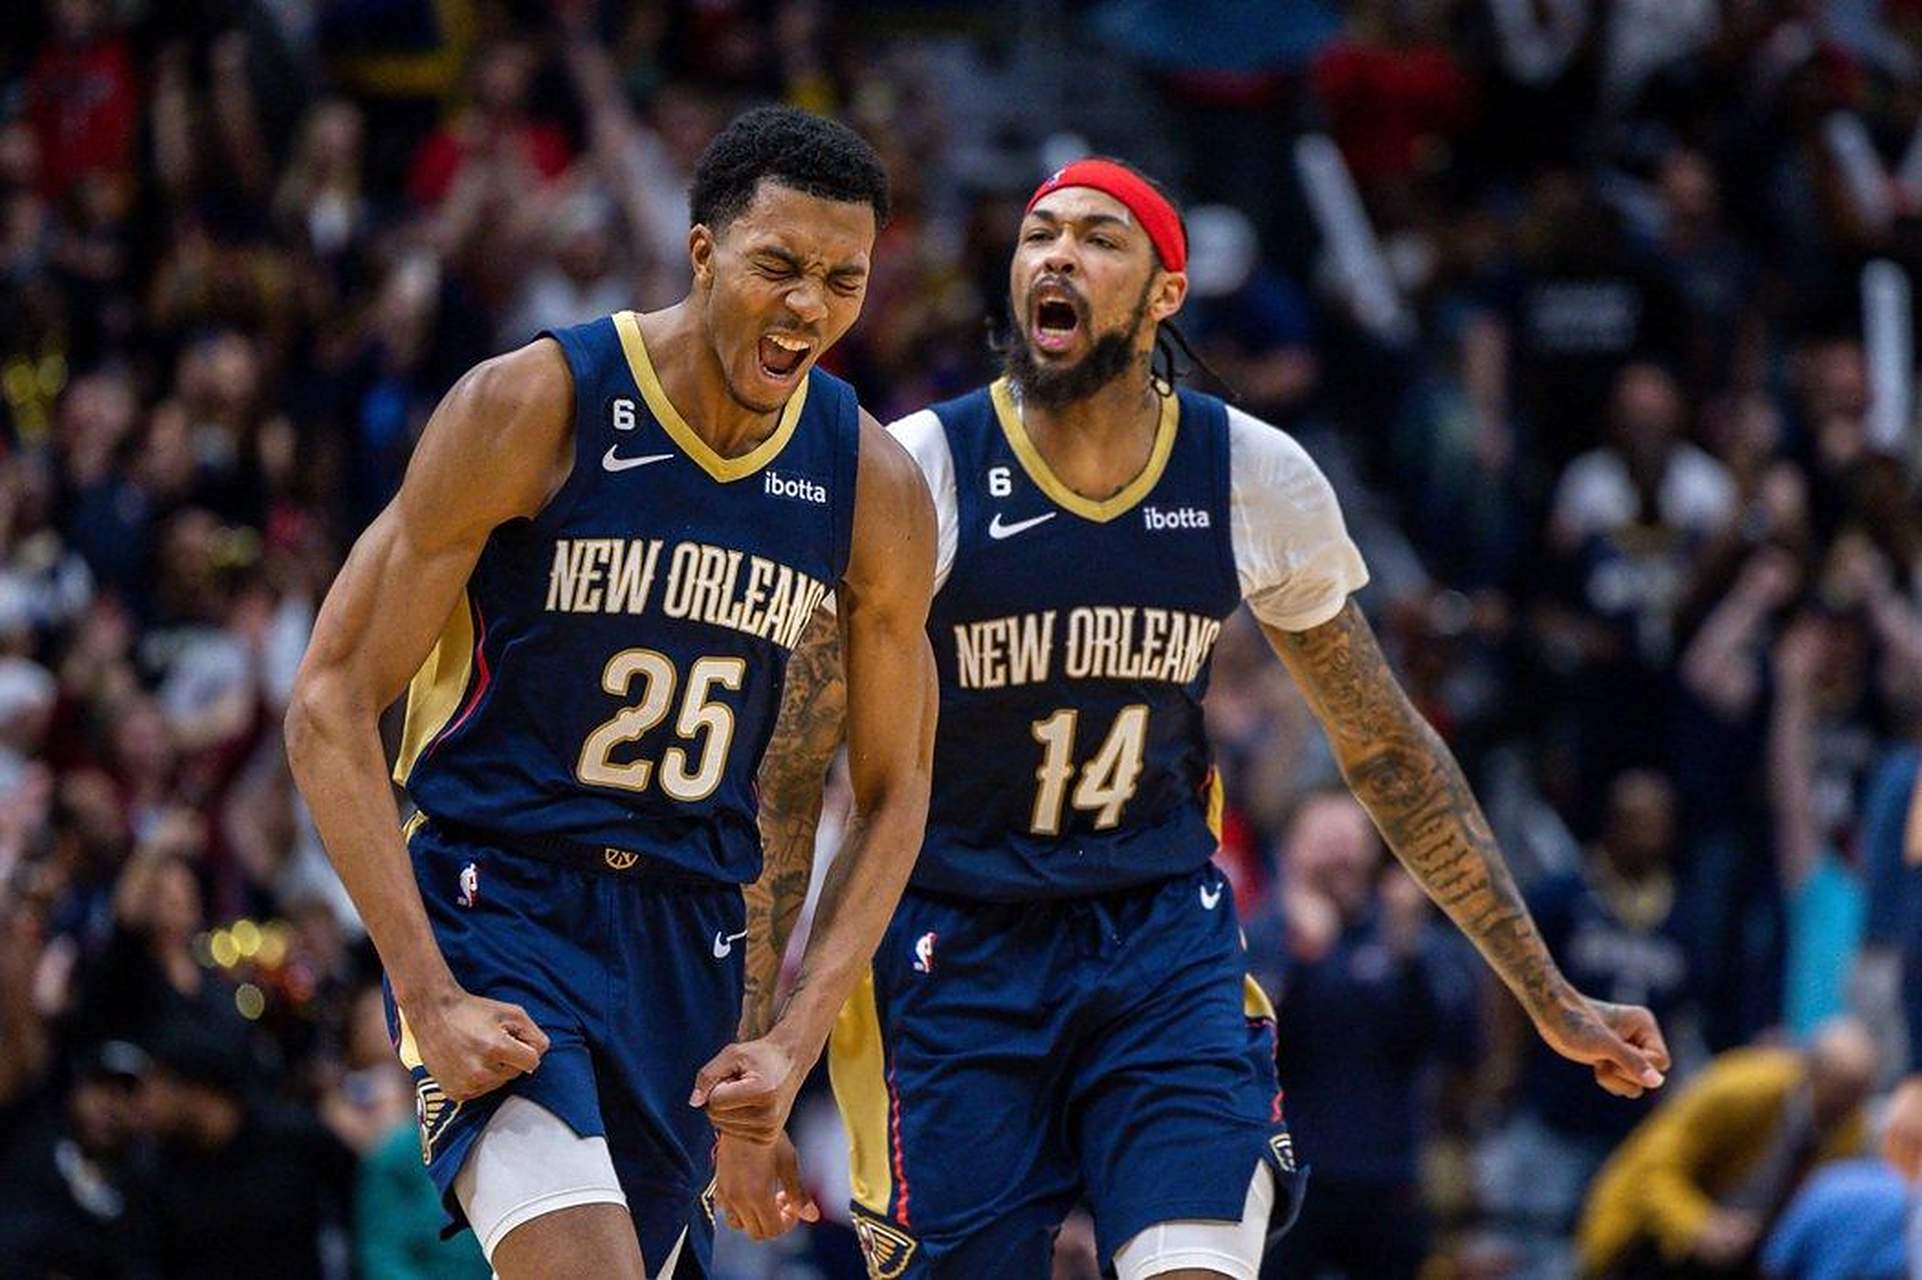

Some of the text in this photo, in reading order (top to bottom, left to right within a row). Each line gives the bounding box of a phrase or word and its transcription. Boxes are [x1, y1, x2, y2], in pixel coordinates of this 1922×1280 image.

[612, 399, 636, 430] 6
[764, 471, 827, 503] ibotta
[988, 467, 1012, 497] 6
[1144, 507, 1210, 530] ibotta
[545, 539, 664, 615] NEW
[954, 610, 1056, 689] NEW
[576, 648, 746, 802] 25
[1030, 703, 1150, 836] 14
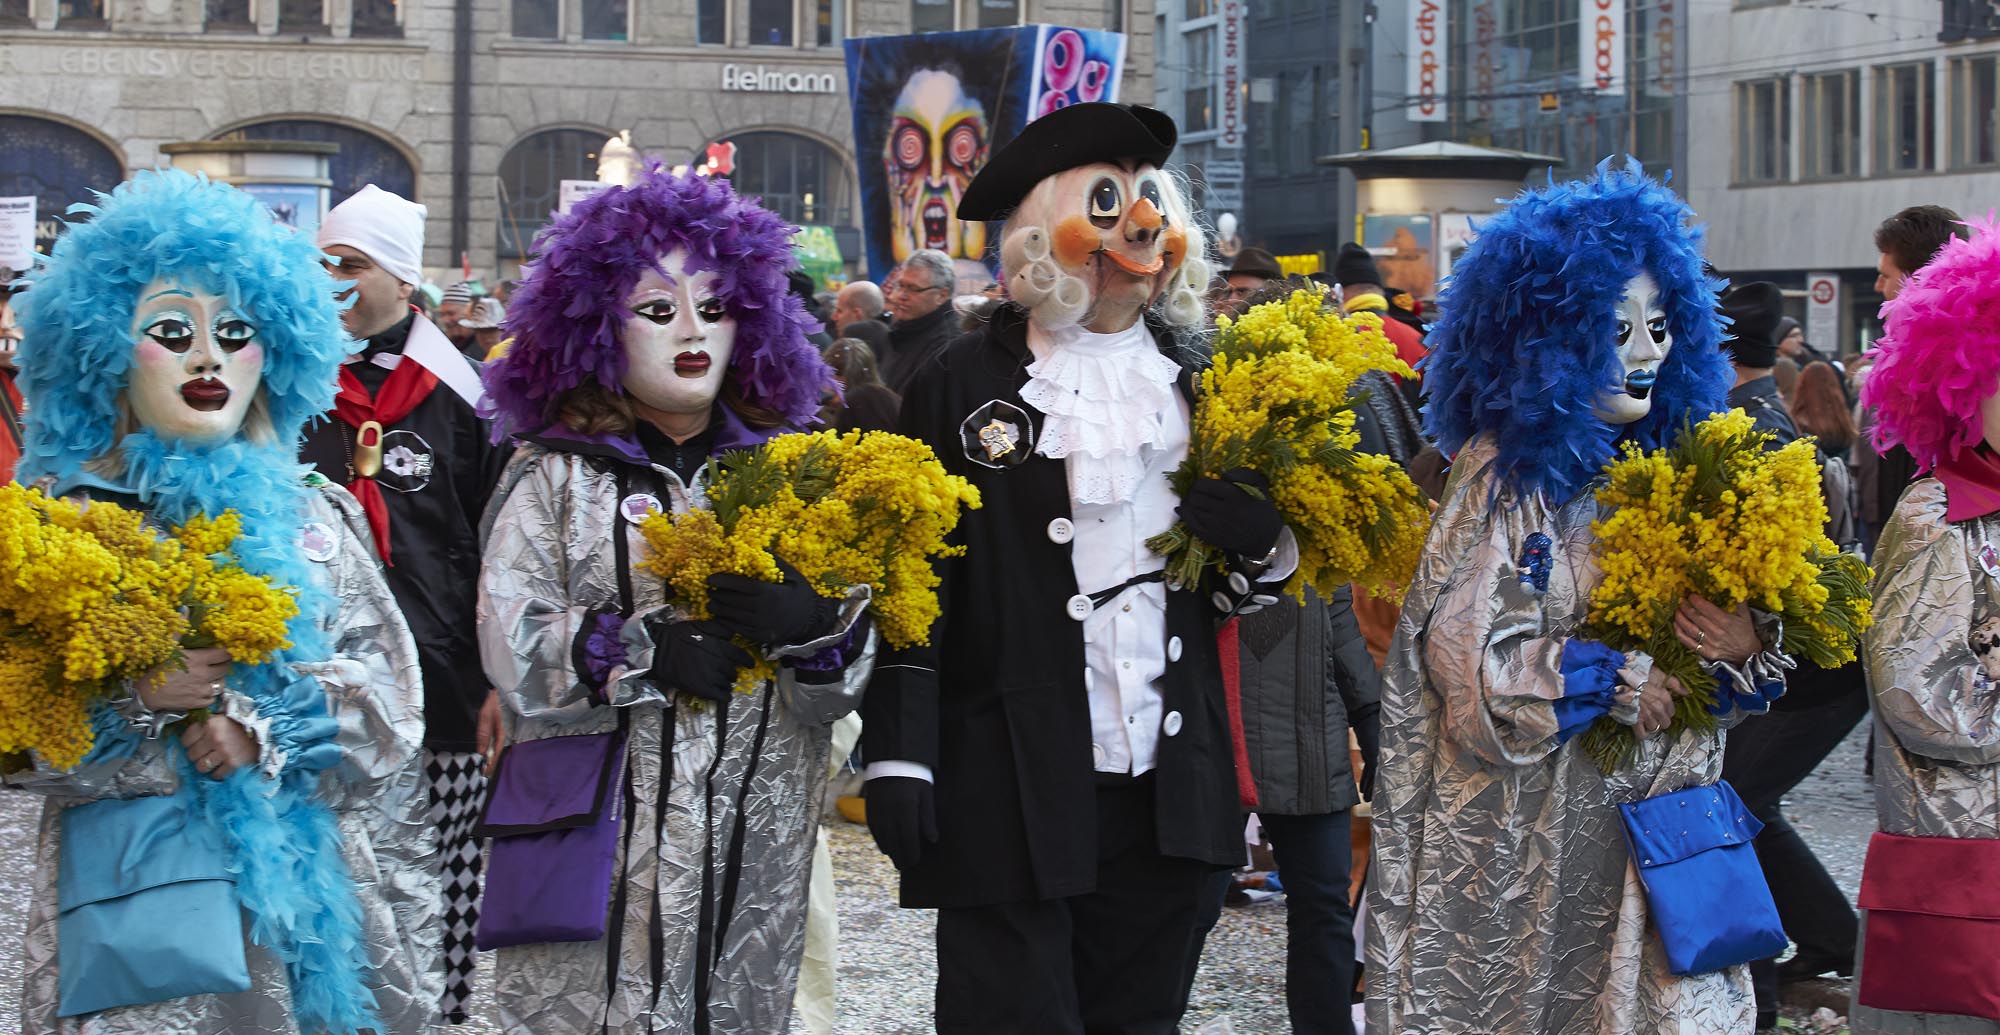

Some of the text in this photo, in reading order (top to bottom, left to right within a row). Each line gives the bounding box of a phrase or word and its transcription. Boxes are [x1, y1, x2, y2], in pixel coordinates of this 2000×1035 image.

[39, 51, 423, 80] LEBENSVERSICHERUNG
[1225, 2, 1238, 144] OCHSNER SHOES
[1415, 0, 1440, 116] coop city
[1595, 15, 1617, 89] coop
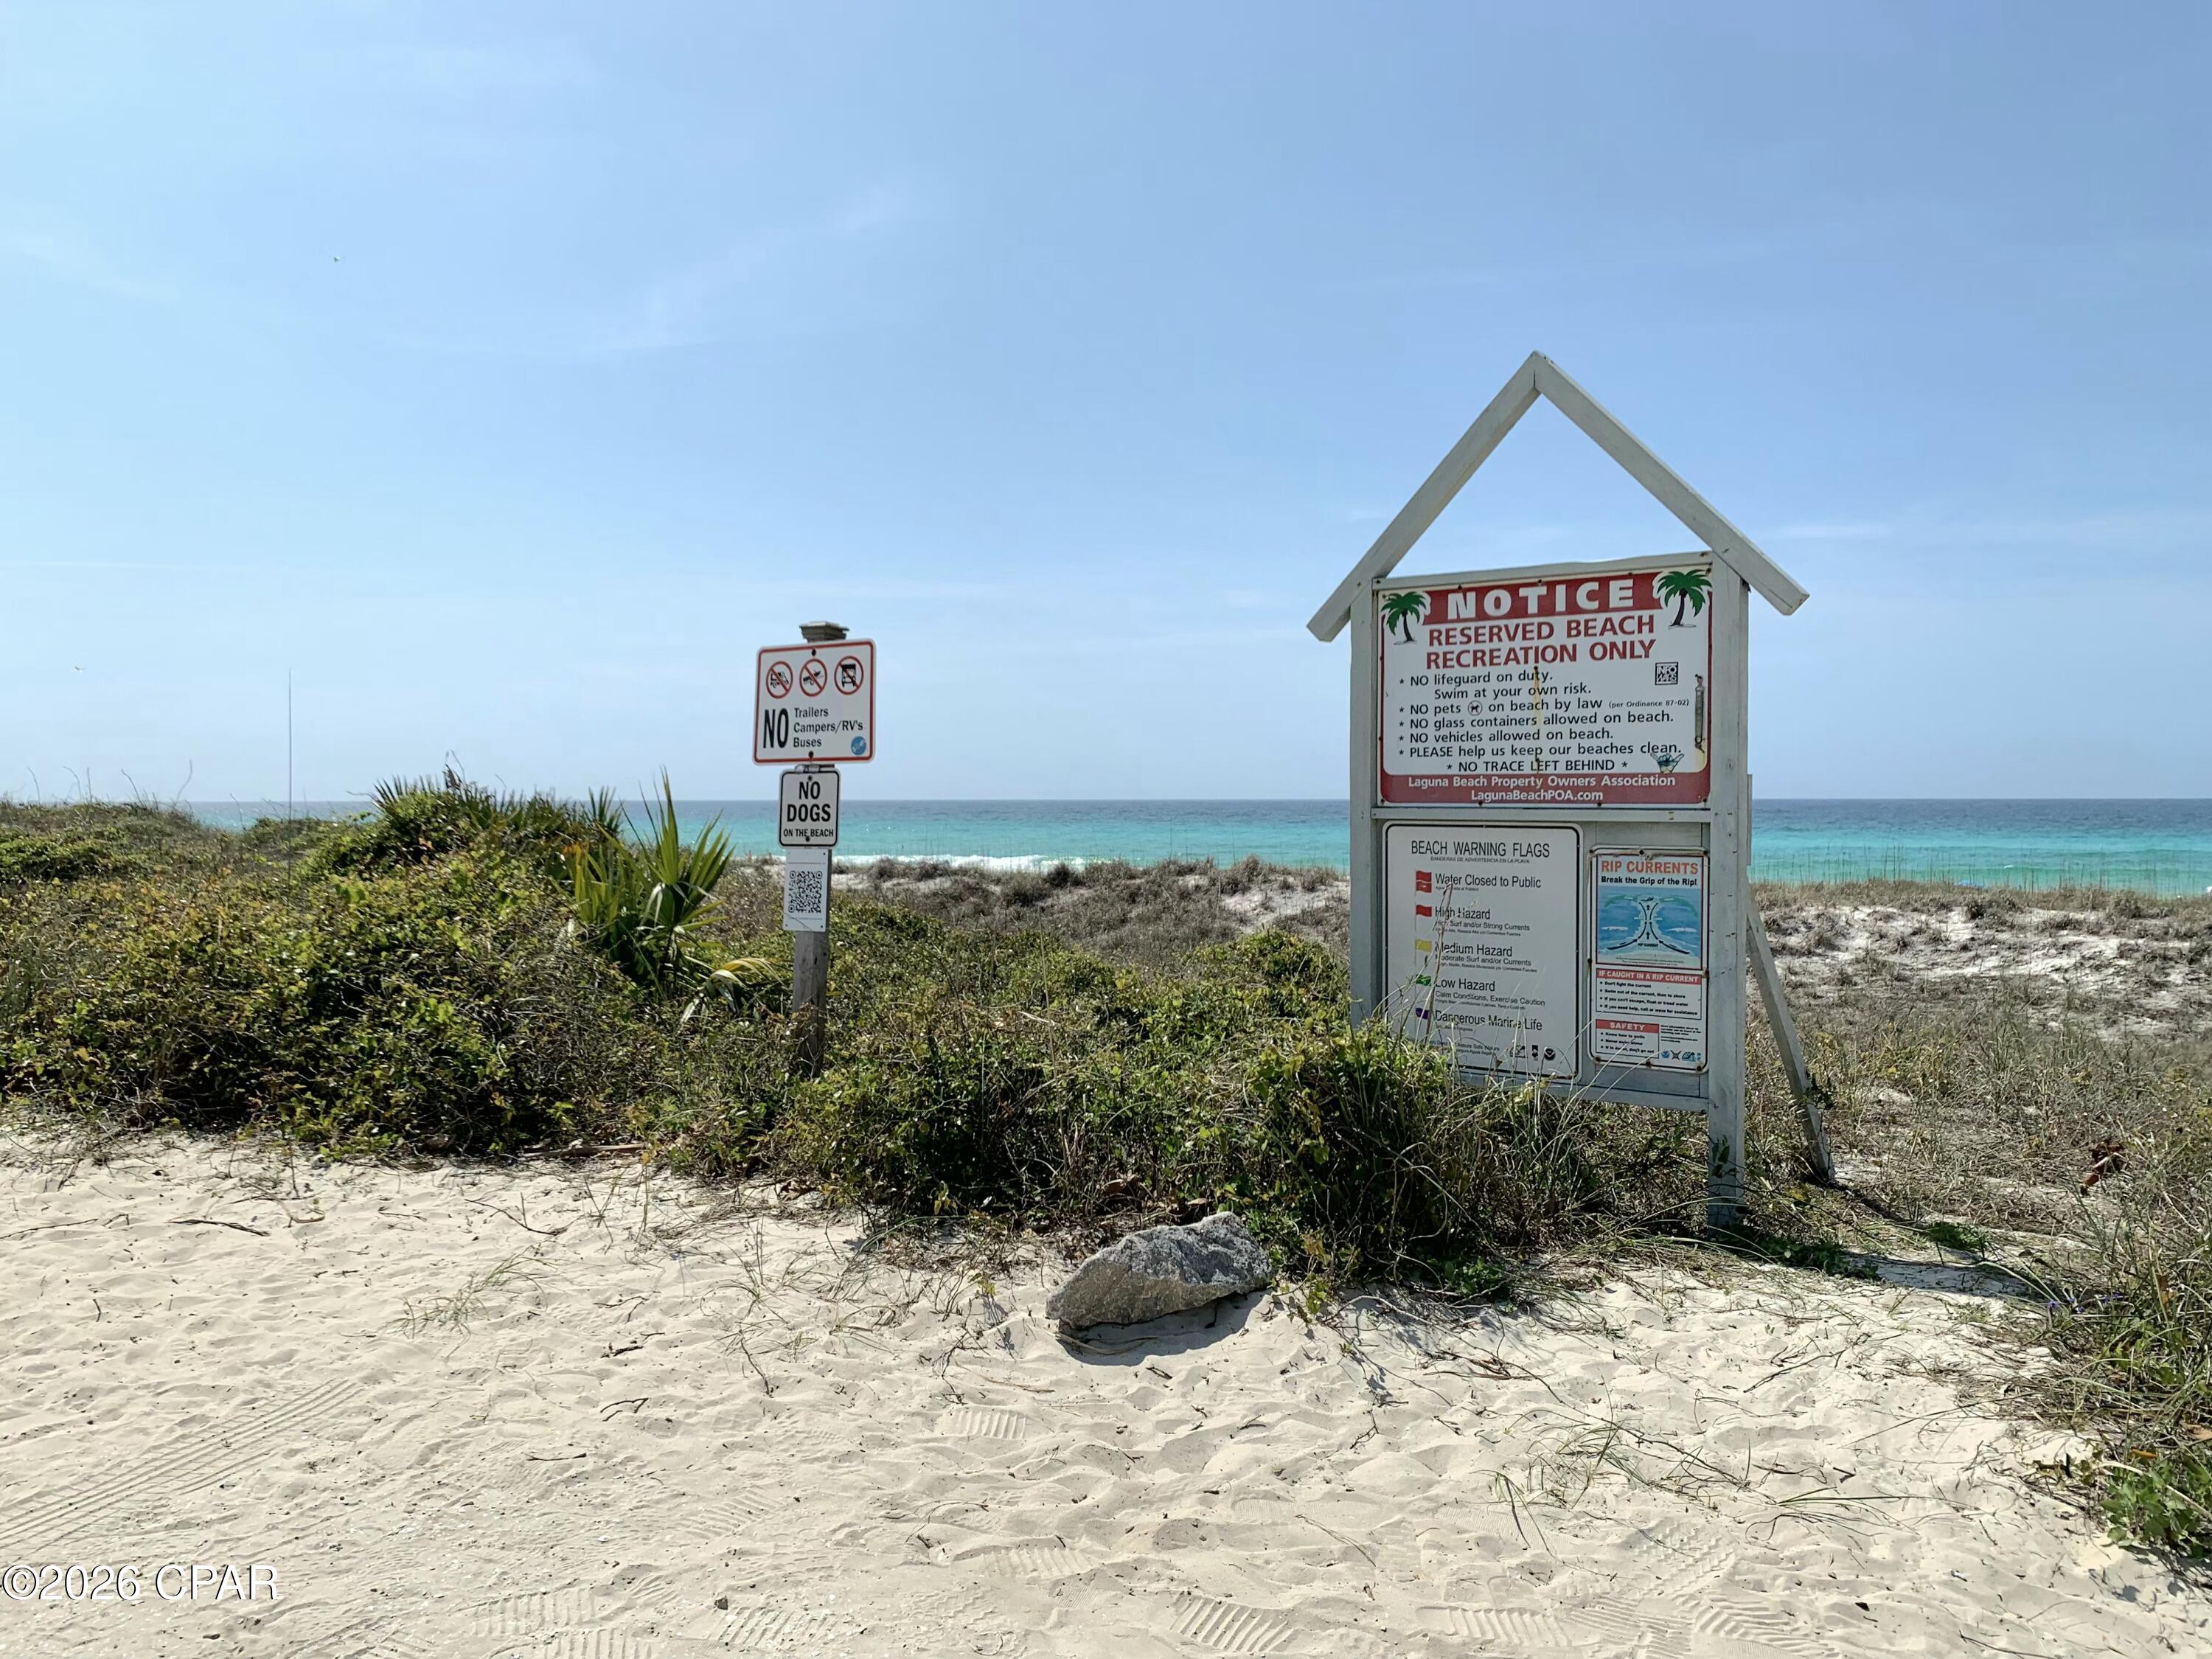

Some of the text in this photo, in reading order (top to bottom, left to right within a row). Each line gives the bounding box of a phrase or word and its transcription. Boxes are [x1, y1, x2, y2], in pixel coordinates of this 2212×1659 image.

*-*-*

● About this exercise
Set down every entry above exactly as written, but skip the pictures.

● Completed exercise
Some of the text in this photo, in reading order (top to bottom, left to right within a row). Each line gives the bounding box of a phrase or word and its transcription. Boxes are [x1, y1, x2, y2], in pixel coordinates of this 1922×1280 image.

[612, 399, 636, 430] 6
[764, 471, 827, 503] ibotta
[988, 467, 1012, 497] 6
[1144, 507, 1210, 530] ibotta
[545, 539, 664, 615] NEW
[954, 610, 1056, 689] NEW
[576, 648, 746, 802] 25
[1030, 703, 1150, 836] 14

Some of the text in this photo, in reading order (top to bottom, left to right within a row). Each line gives the bounding box of a phrase or word and its transcription. Boxes are [x1, y1, x2, y2], in pixel coordinates of this 2000×1035 image.

[39, 51, 423, 80] LEBENSVERSICHERUNG
[1225, 2, 1238, 144] OCHSNER SHOES
[1415, 0, 1440, 116] coop city
[1595, 15, 1617, 89] coop

Some of the text in this photo, in reading order (top to bottom, left to right within a row). Each line gives the bounding box of a phrase or word and its transcription. Boxes are [x1, y1, x2, y2], in pixel coordinates of this 2212×1659 image.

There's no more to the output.